Honestly
[Yohuru] Williams[, founding director of the Racial Justice Initiative at the University of St. Thomas] says it's time to have an "honest" conversation about the historical legacy of corporal punishment within the Black community. "That would be far more communal and affirmative of human dignity and the dignity of black life," he said. "Coming out of the Black Lives Matter movement, you kind of look back at this, and you go, 'We understand it from a historical standpoint.' But from a humanistic and community-centered, restorative justice practices standpoint, there's something that just doesn't sit right with me about this practice. And I think we owe it to ourselves as a community to revisit that."I'm always dubious of calls for an "honest" conversation about things, mainly because the person making the call seems to appoint themselves the arbiter of what constitutes honesty. And since calls for honest conversation presuppose that the discourse to that point have been somehow dishonest, this tends to place the person into the position of somehow knowing the minds of others.
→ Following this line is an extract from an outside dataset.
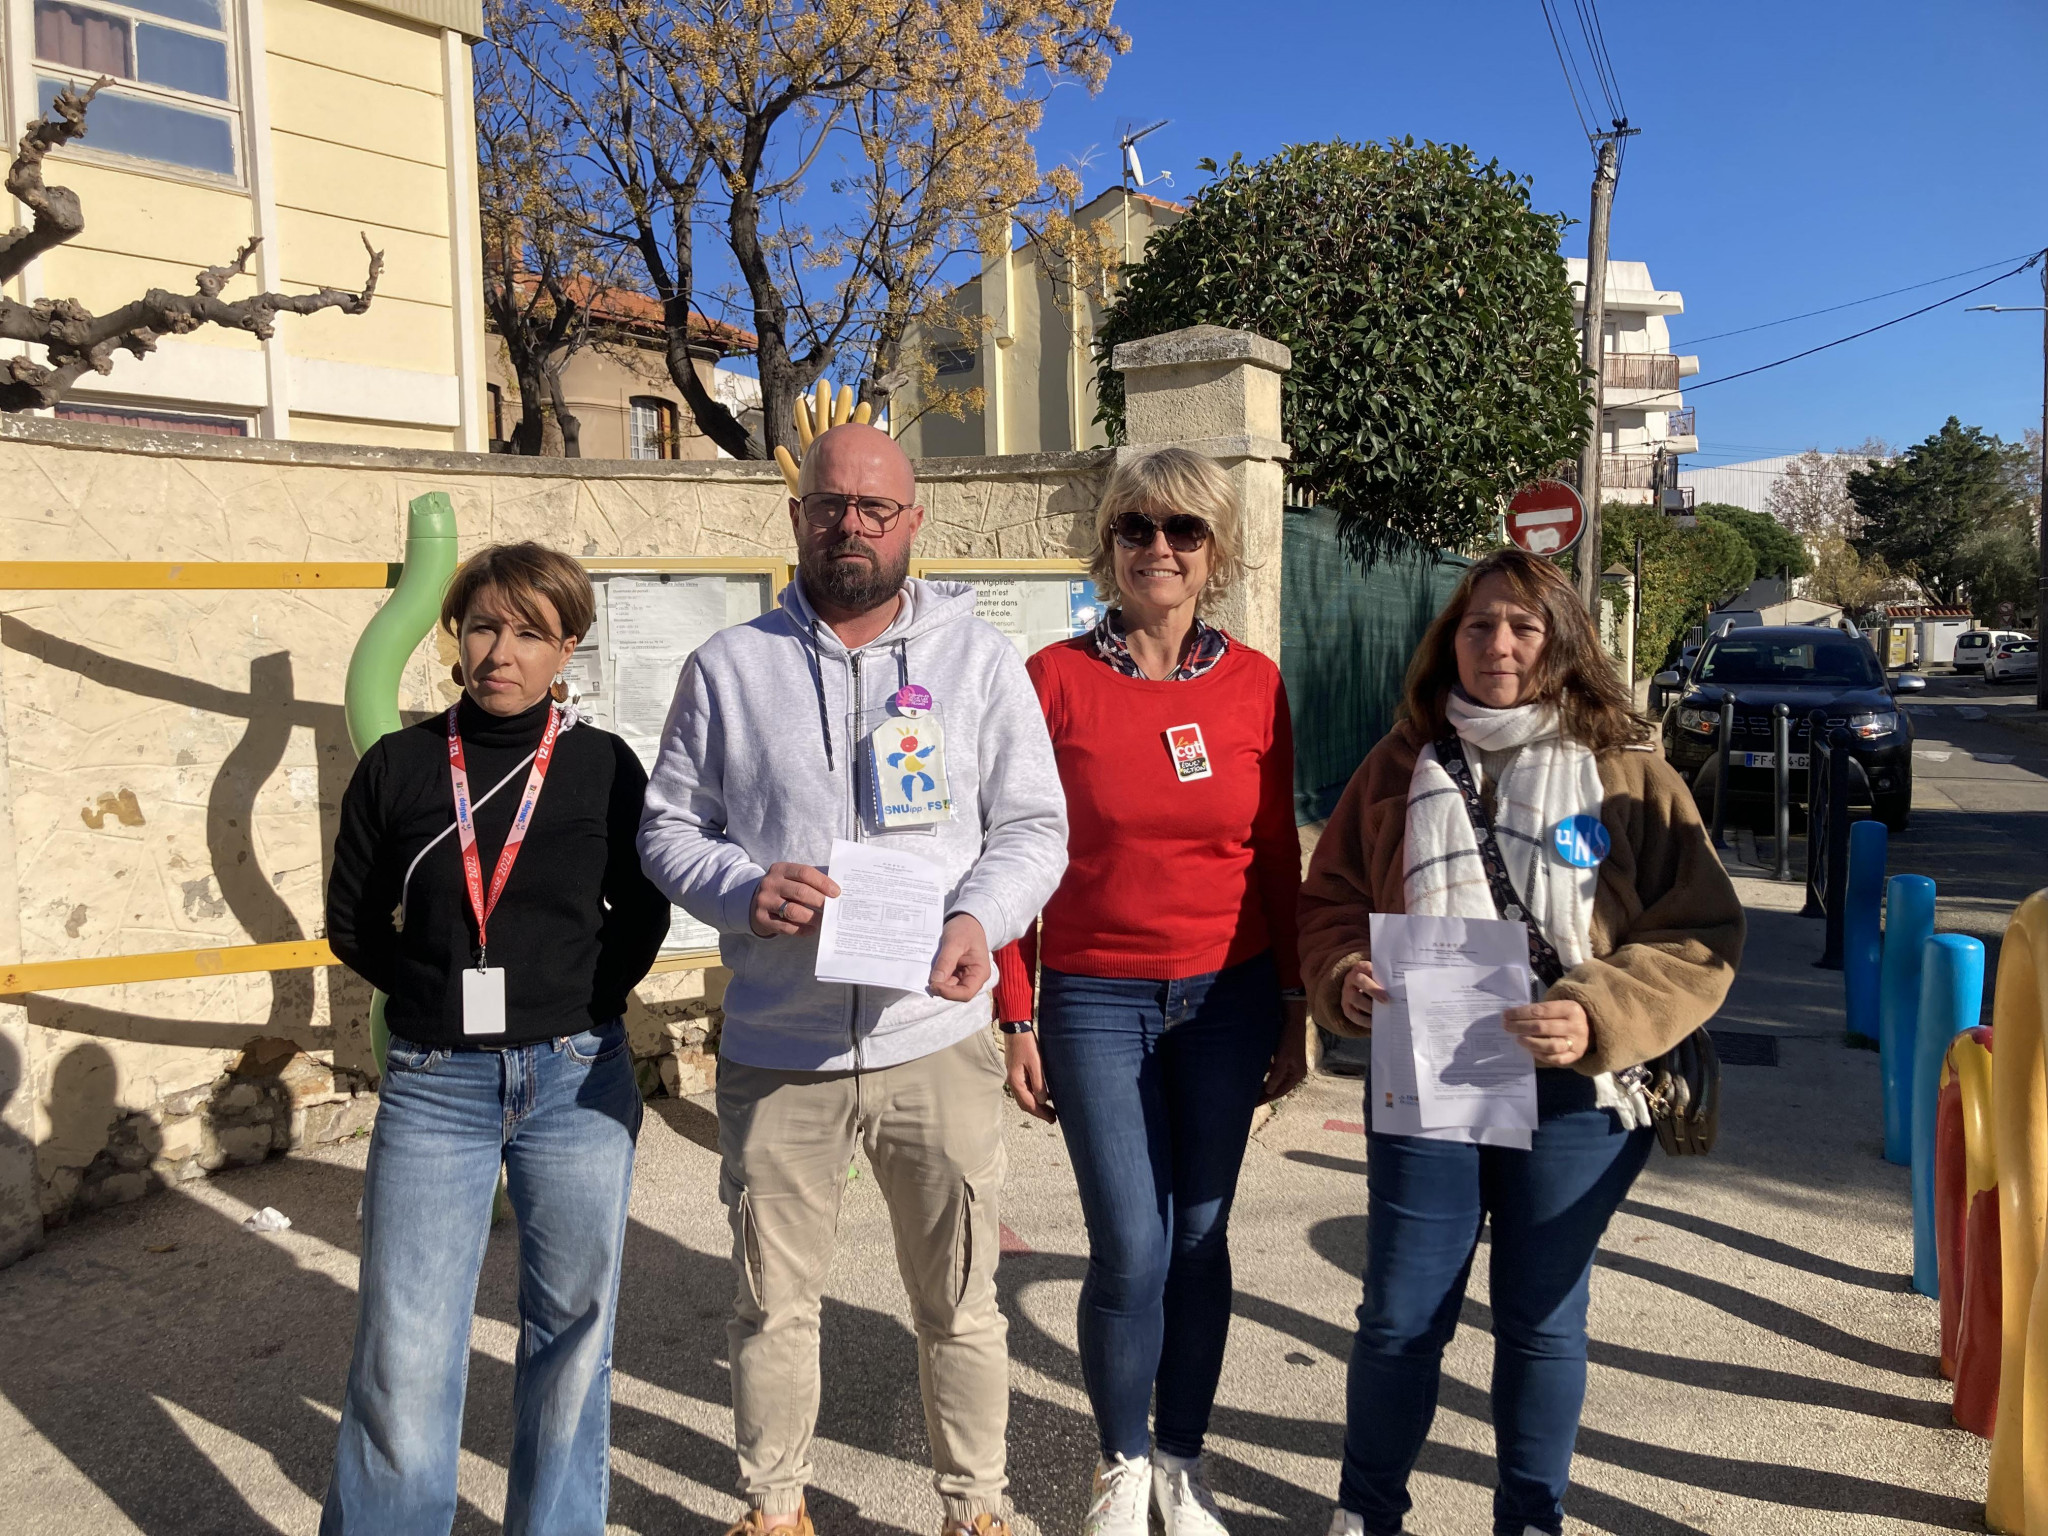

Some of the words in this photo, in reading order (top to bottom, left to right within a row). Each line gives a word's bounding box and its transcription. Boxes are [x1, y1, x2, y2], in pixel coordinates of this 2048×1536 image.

D.C.-area artist turns belts into a conversation about discipline
I understand Mr. Williams' viewpoint in this, but not everyone is a humanist, community-centric believer in the tenets of restorative justice. Accordingly, they're likely to have a different understanding of corporal punishment and its effects on the broader community. While I understand that the practice of corporal punishment doesn't sit right with him, that doesn't create an obligation for the community at large to come to an understanding that does sit well with him. Or that the current understanding is not an honest one.
There's nothing wrong with advocating for one's position. But I'm not a fan of the idea that it's the only genuine way of looking that things.